Principles of Financial Administration:
In a federation, there are two or three layers of government- federal, state, and local. It means the financial administration is also decentralized in a federation. There is one federal financial administration for the whole of the country, state financial administrations for individual states, and local bodies financial administration for their respective jurisdiction. There is one budget of the federal government, one budget each for every state. In a federal setup, there is a multi-unit budget system. Under such a system, the need arises for cooperation and coordination between different layers of financial administration for the effective implementation of financial policies. There also arises a need for standardizing the various procedures of financial administration, like the form and classification of budgets. It will help in presenting the finance of the country as a whole in a systematic way.
Guiding Principles of Financial Administration:
In most federal Constitutions, there are three fundamental provisions in the field of financial administration that safeguard the interest of the taxpayers.

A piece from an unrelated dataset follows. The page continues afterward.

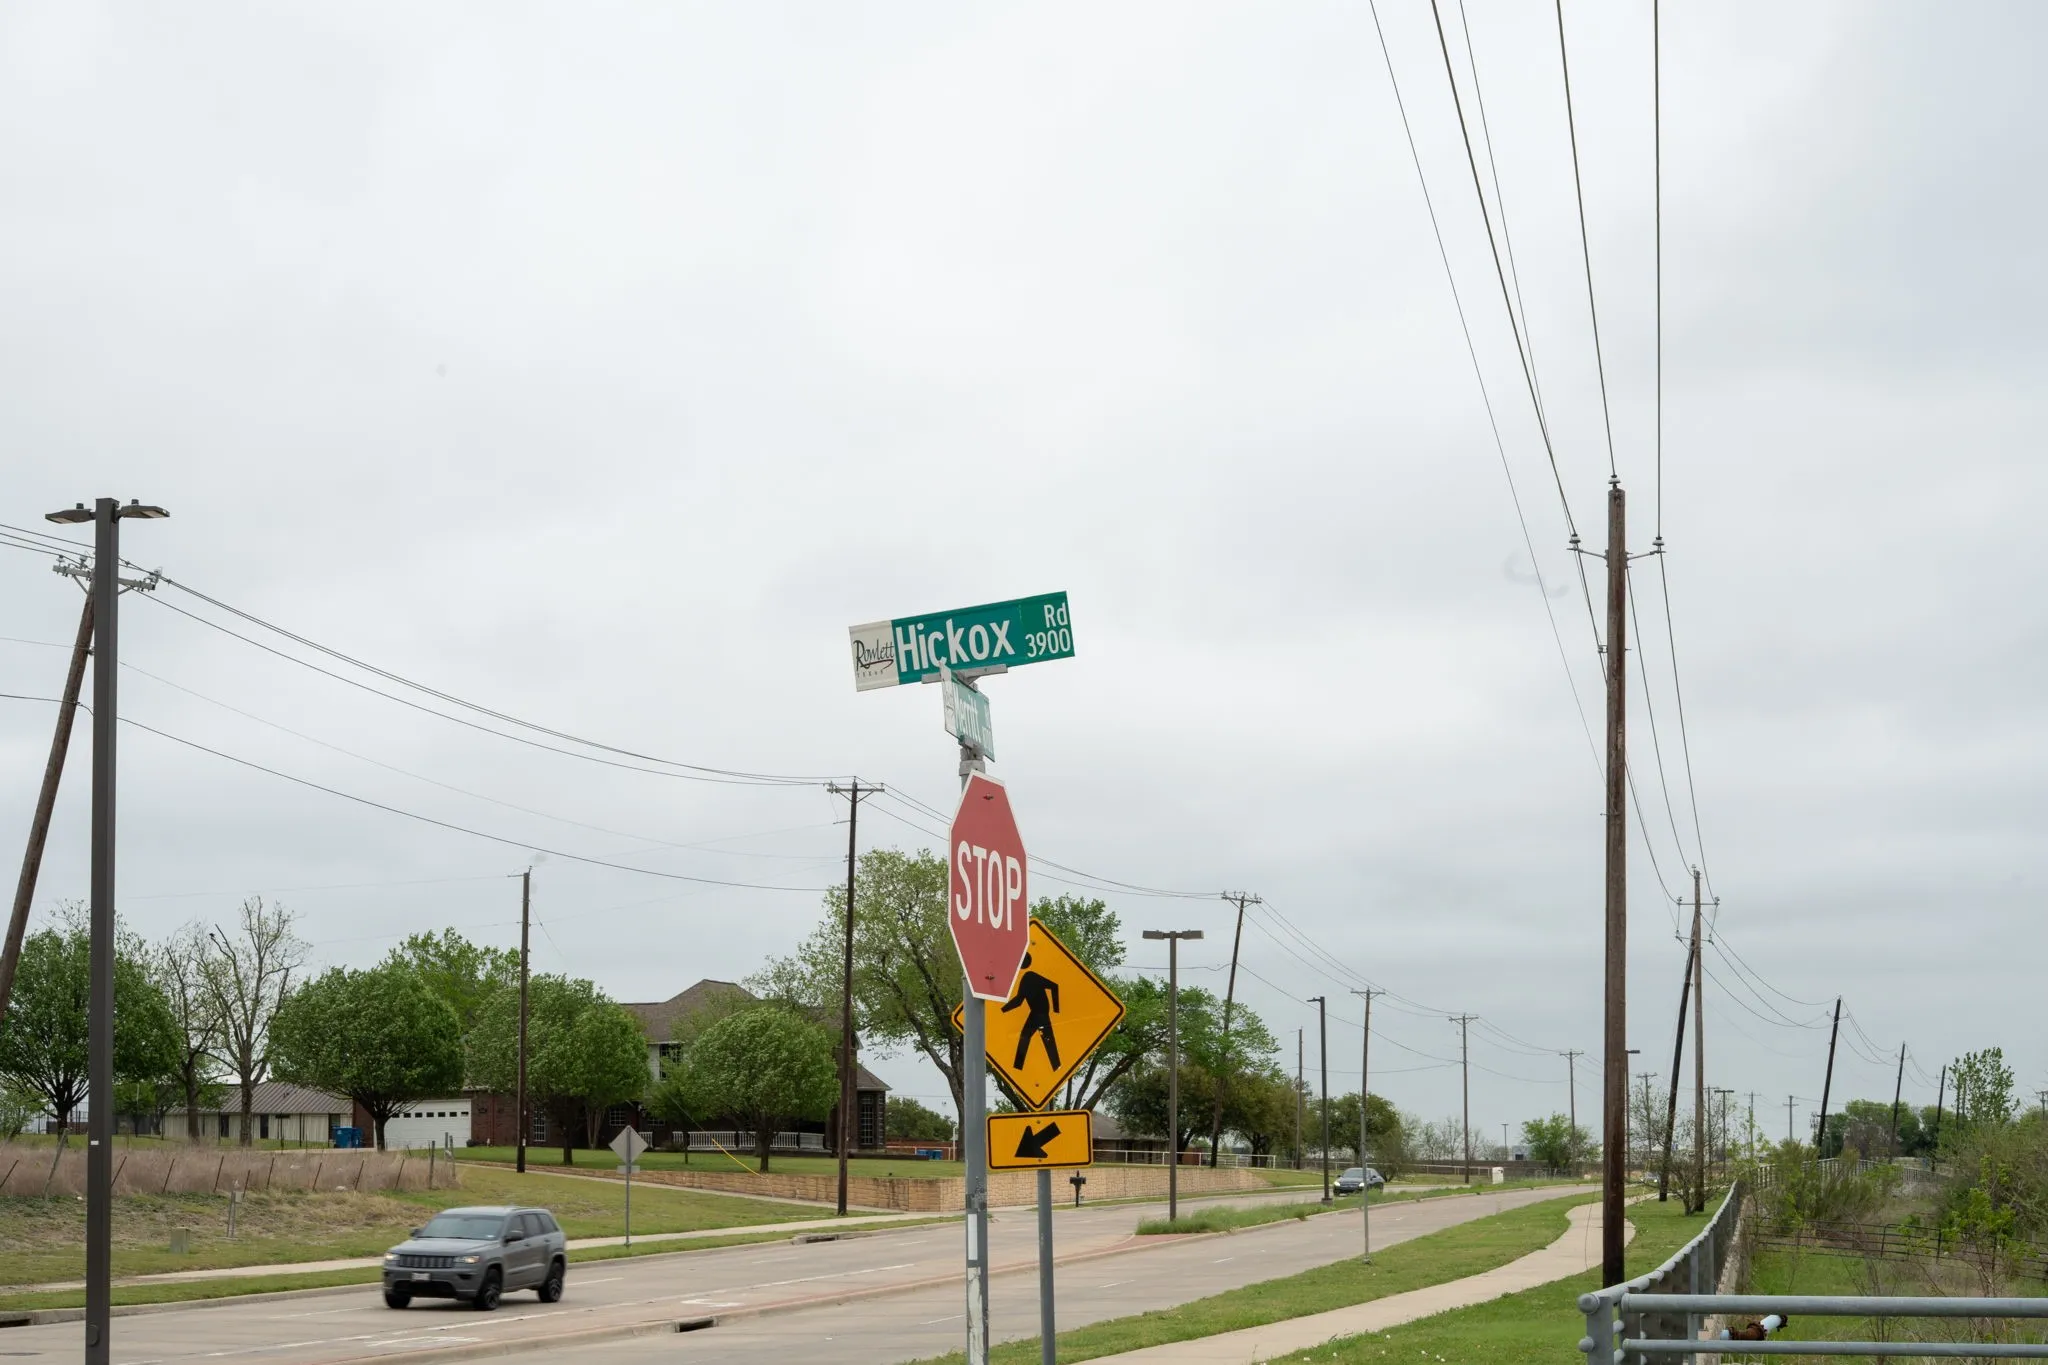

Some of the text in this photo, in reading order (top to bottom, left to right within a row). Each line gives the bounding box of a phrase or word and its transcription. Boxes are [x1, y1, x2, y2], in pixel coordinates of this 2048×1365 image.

[853, 638, 894, 671] Rowlett
[896, 602, 1068, 672] Hickox Rd
[1025, 628, 1071, 658] 3900
[956, 840, 1022, 931] STOP

These principles guide the operations of financial administration.
(1) No tax shall be levied or collected unless it is approved by the representatives of the people. In the Constitution of India, it has been mentioned as “No tax shall be levied or collected except by authority of law.”

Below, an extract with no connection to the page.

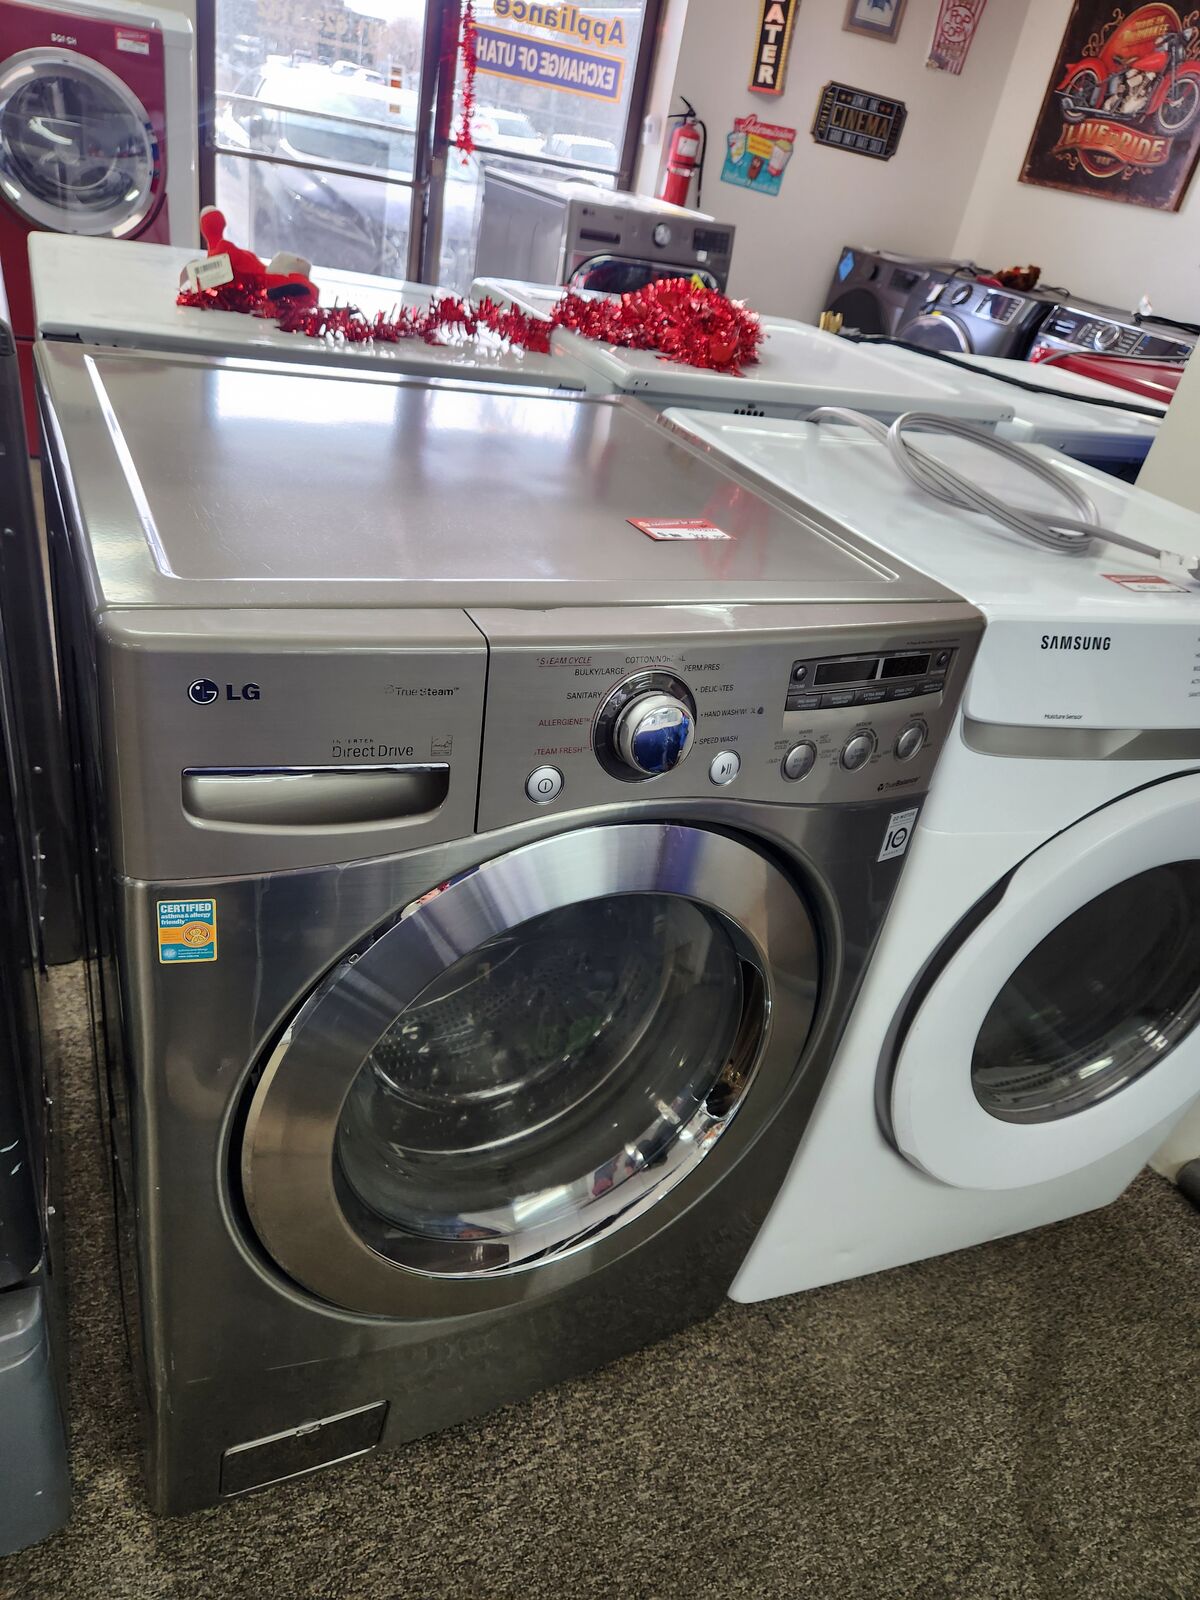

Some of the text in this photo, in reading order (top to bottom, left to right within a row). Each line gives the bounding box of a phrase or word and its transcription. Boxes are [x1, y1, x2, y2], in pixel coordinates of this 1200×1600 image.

(2) No expenditure out of public revenue is incurred unless it is sanctioned by parliament. In the Constitution of India, it has been mentioned as “No money out of the Consolidated Fund of India or the Consolidated Fund of a State shall be appropriated except in accordance with the law and for the purpose and the manner as passed by Legislature.
(3) The executive spends the money exactly in the manner as passed by Parliament. In order to check the abuses of power on the part of the executive, the Auditor-General audits the accounts of the Government to place before the Legislature a report to show that the executive has spent the money for the purposes for which parliament sanctioned. Thus, the provision for the appointment of a Comptroller and Auditor-General is laid down in the Indian Constitution to achieve the above objective.